LIVONIA, Mich. – A Livonia doctor will spend more than 11 years in prison for conspiring with patient recruiters to illegally distribute prescription drugs.
According to the United States Attorney’s Office, Dr. Zongli Chang admitted that, between about January 2012 and May 2017, patient recruiters brought fake patients to his office and he wrote unnecessary prescriptions for them in exchange for cash.
Chang wrote prescriptions for drugs such as hydrocodone-acetaminophen, oxycodone HCl, alprazolam, carisoprodol and promethazine/codeine syrup. He said he was usually paid $150, but sometimes received up to $400 for opioid scripts.
According to the U.S. Attorney's Office, the recruiters would take the fake patients to a pharmacy, fill the prescriptions and then take the drugs to distribute. The drugs had a street value of more than $18,000.
Read more about the case from the U.S. Attorney's Office:
"Since the charges in this case were unsealed in January, 2018, six of the seven patient recruiters have also pleaded guilty to engaging in this conspiracy.
"In addition to serving a 135-month sentence, United States District Court Judge Sean Cox ordered Chang to pay a $1 million criminal fine. Chang also agreed to the entry of a $3 million forfeiture judgment, satisfied in large part by assets seized near the time of his arrest.

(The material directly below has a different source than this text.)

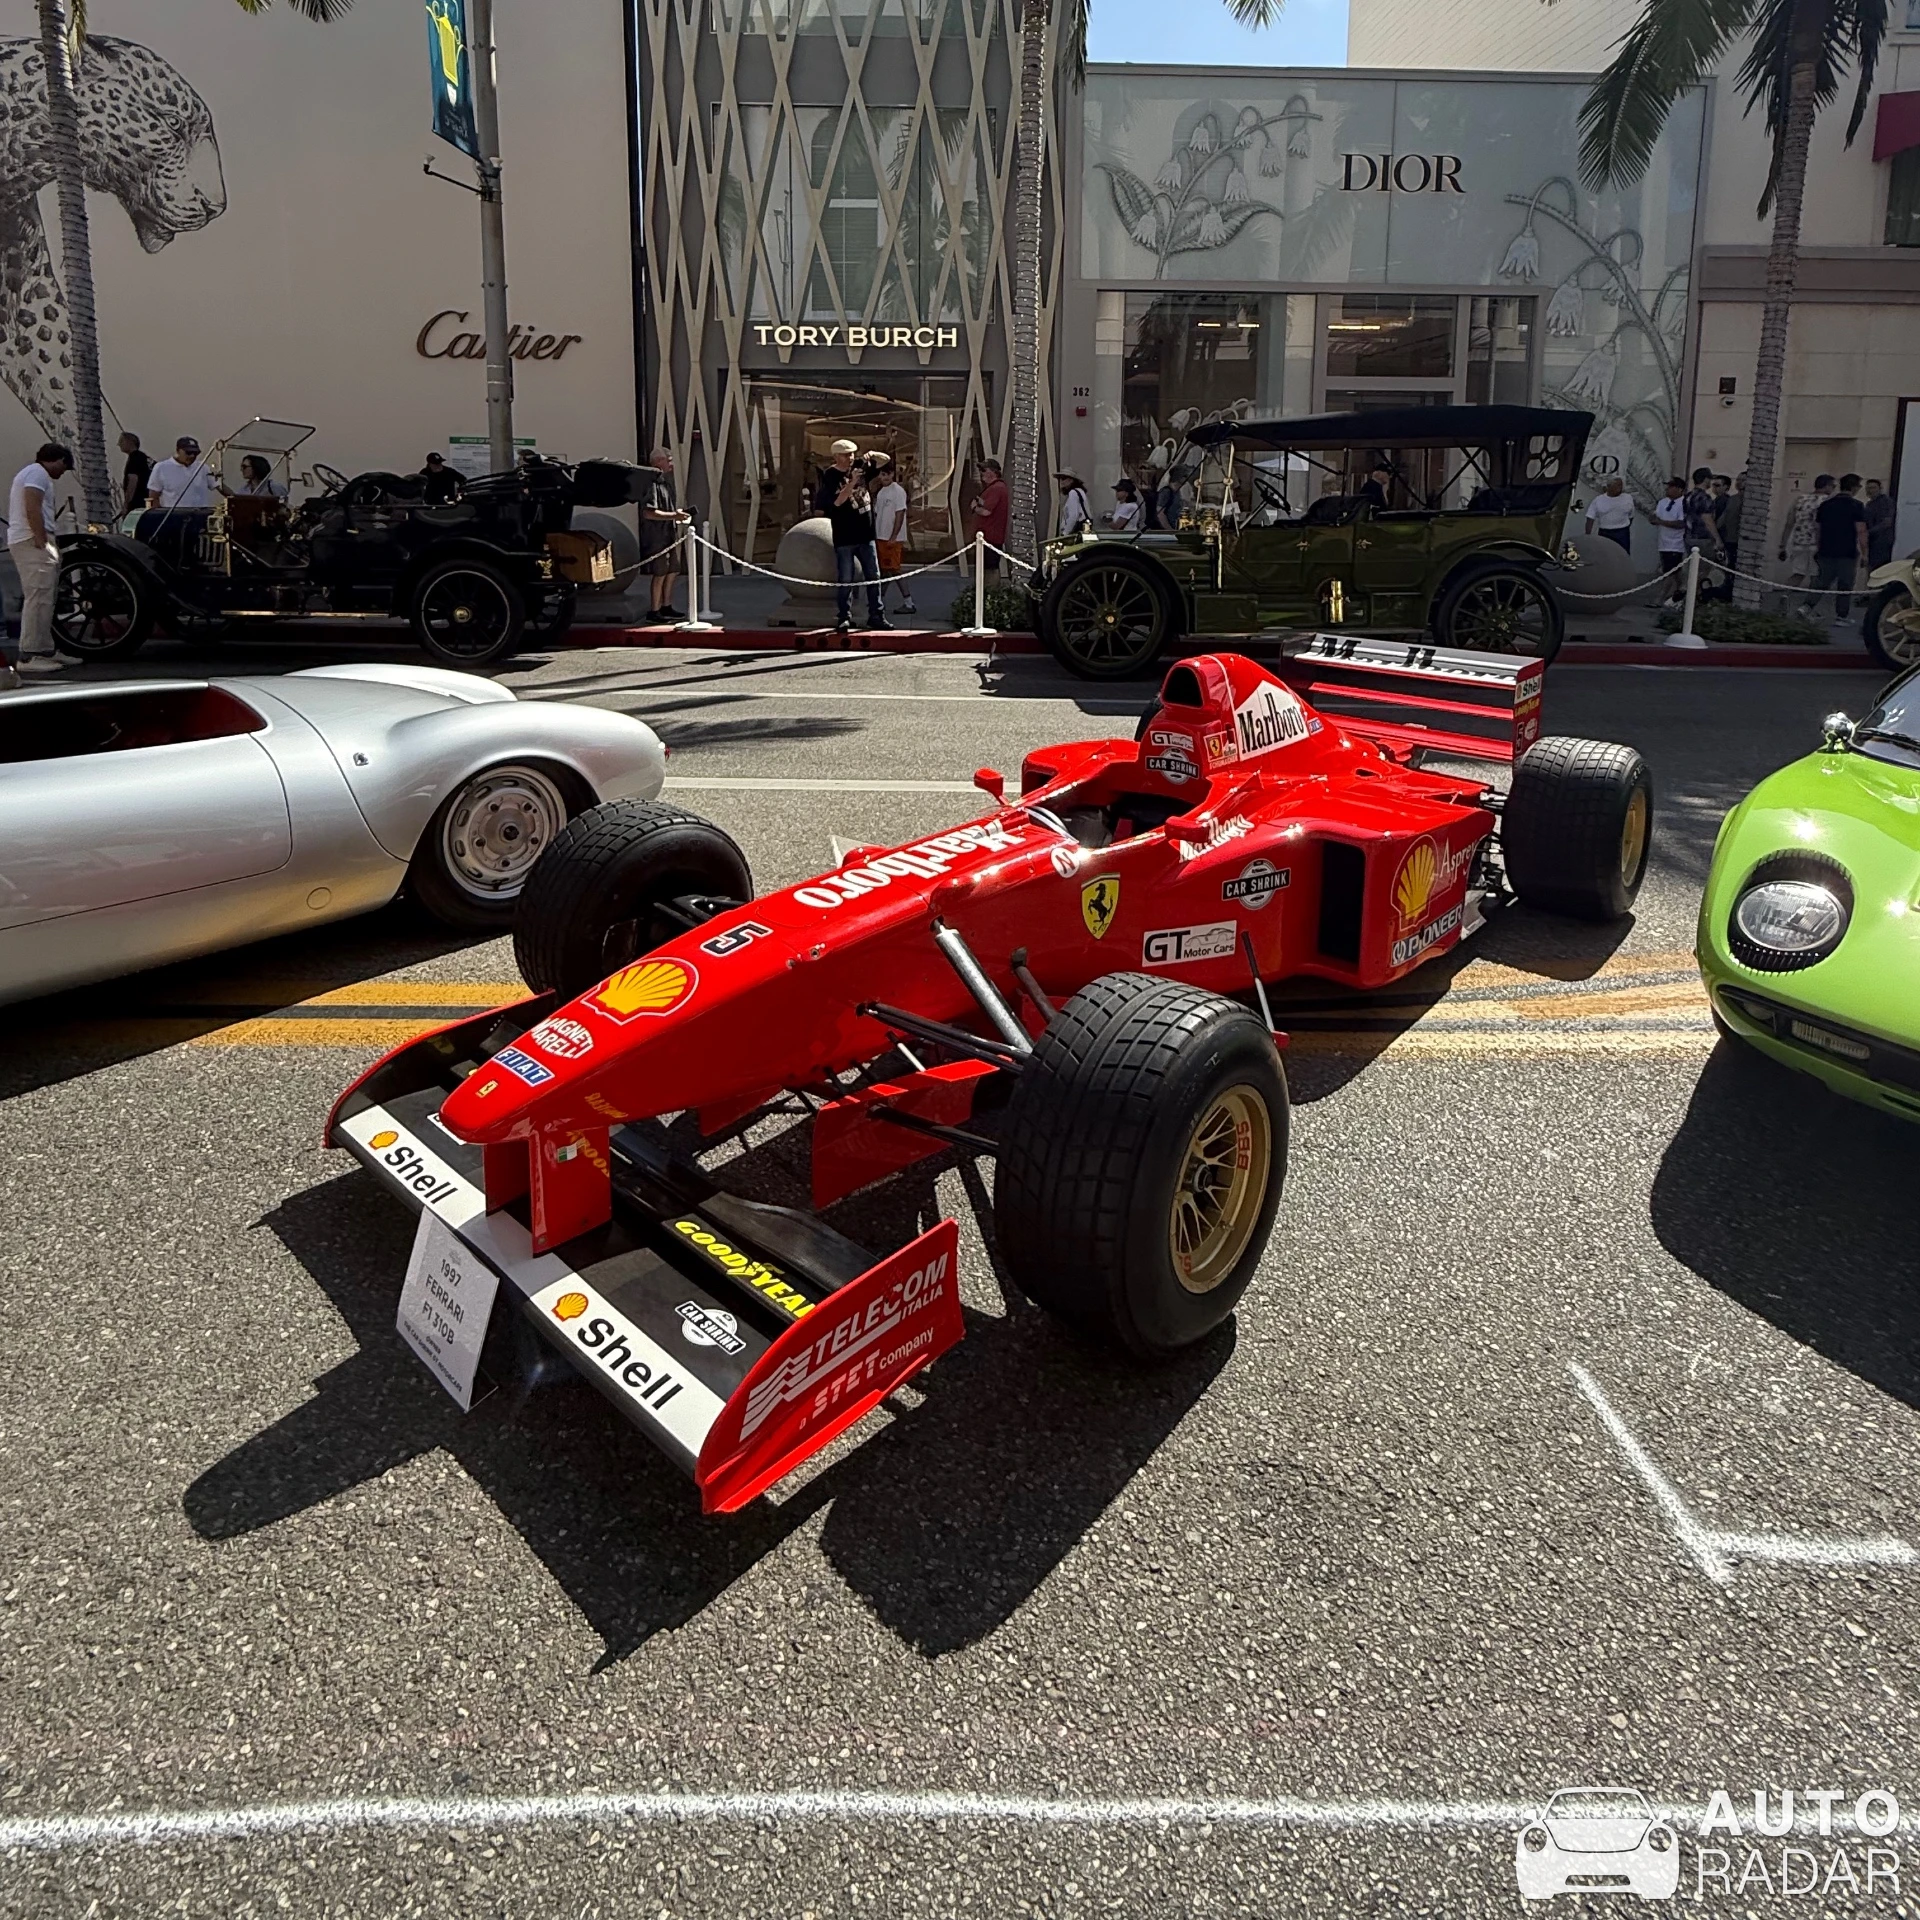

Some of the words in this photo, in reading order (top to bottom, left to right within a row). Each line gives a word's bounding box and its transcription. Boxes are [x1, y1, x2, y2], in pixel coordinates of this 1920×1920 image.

"U.S. Attorney Schneider noted that “this sentence sends a strong message to every other physician that deliberately writes unnecessary opioid prescriptions, knowing full well that the drugs will ultimately be sold on the streets, that they will be treated no differently than any other major drug dealer. A medical license will not shield them from criminal consequences.”
“We entrust physicians to care for their patients in a manner that is consistent with their oath to do no harm,” said FBI SAC Slater. “Prescribing opioids with the knowledge that the drugs would ultimately be distributed illegally contributes to the ongoing opioid addiction crisis and cannot be tolerated. The FBI and our federal partners remain committed to identifying and disrupting physicians who engage in this type of drug diversion scheme.”
"The Eastern District of Michigan is one of the twelve districts included in the Opioid Fraud Abuse and Detection Unit, a Department of Justice initiative created by Attorney General Sessions, that uses data to target and prosecute individuals that are contributing to the nation’s opioid crisis. Dr. Chang’s suspicious patterns of prescriptions were detectable from data analysis by the Opioid Fraud Abuse and Detection Unit.
"The case was investigated by Special Agents of the FBI and HHS and prosecuted by Assistant U.S. Attorneys Brant Cook, John Engstrom and Paul Kuebler."